Work required
Print all the data below exactly, without images.

Records for the exercise
=-=-=-=-=

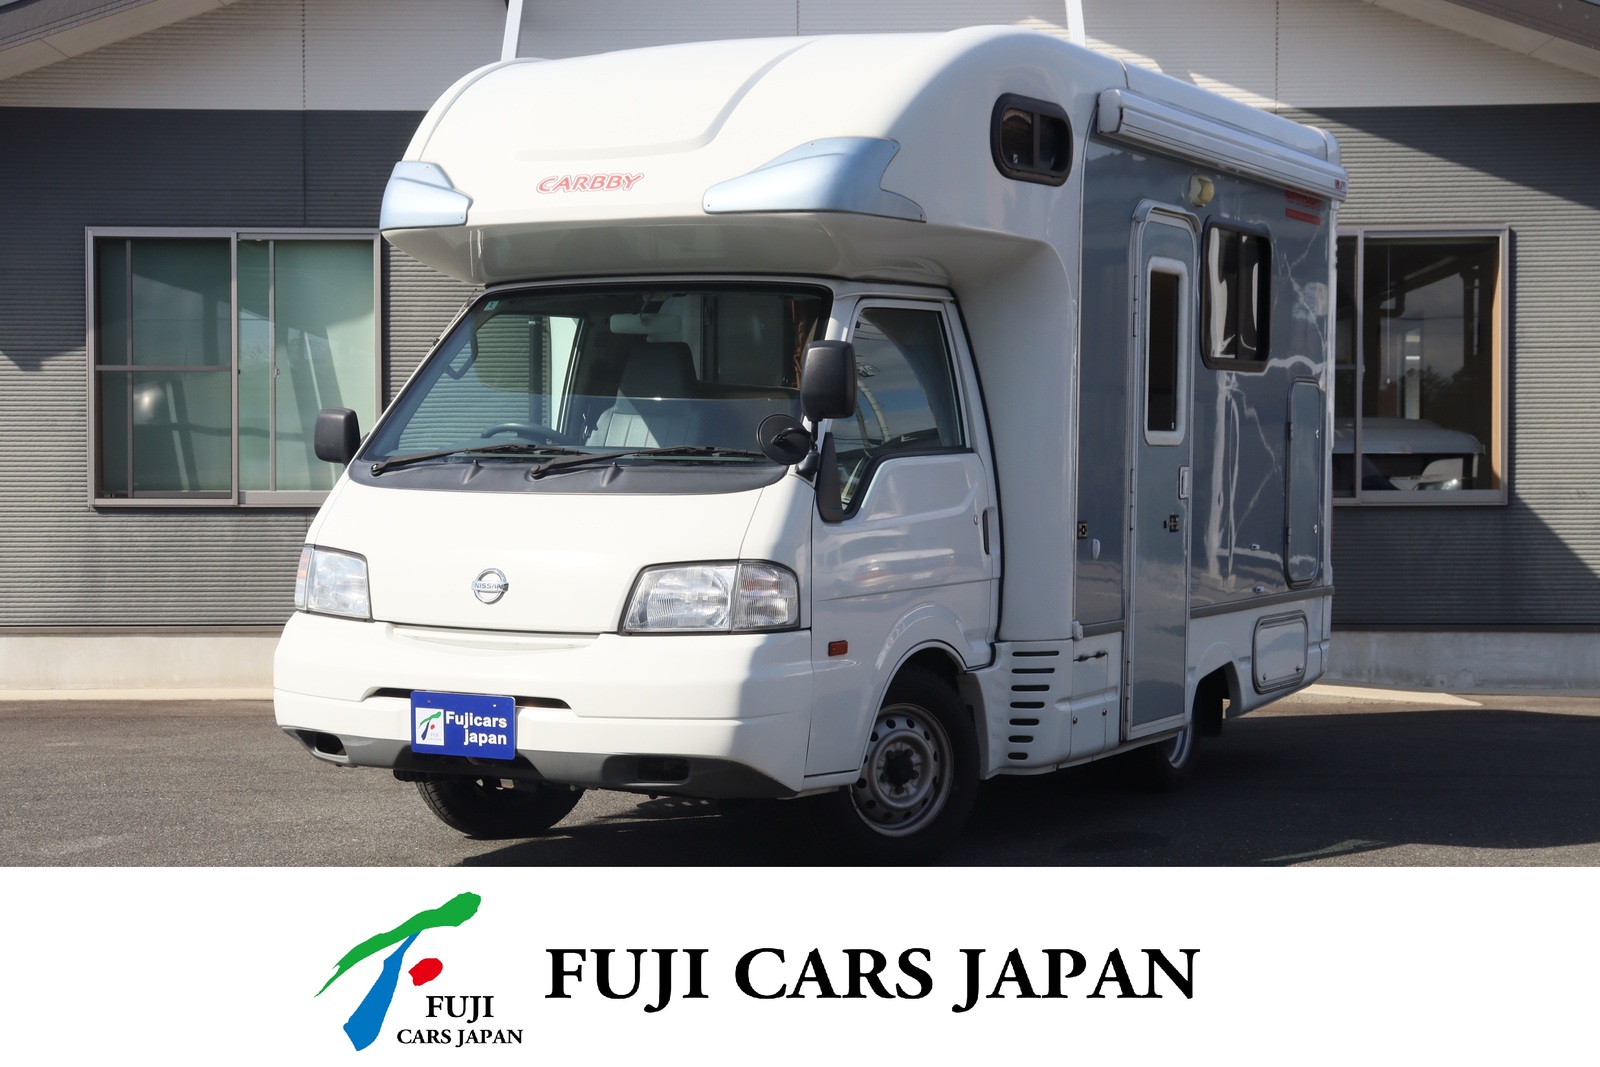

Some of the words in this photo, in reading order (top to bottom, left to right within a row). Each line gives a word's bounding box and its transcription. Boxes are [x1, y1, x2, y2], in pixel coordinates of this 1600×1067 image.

[536, 173, 645, 194] CARBBY
[474, 582, 504, 590] NISSAN
[445, 710, 508, 729] Fujicars
[463, 728, 507, 746] japan

=-=-=-=-=

Exercise answer
Some of the words in this photo, in reading order (top to bottom, left to right within a row). Each line gives a word's bounding box and its transcription. Boxes are [x1, y1, x2, y2], in pixel coordinates of this 1600×1067 image.

[536, 173, 645, 194] CARBBY
[474, 582, 504, 590] NISSAN
[445, 710, 508, 729] Fujicars
[463, 728, 507, 746] japan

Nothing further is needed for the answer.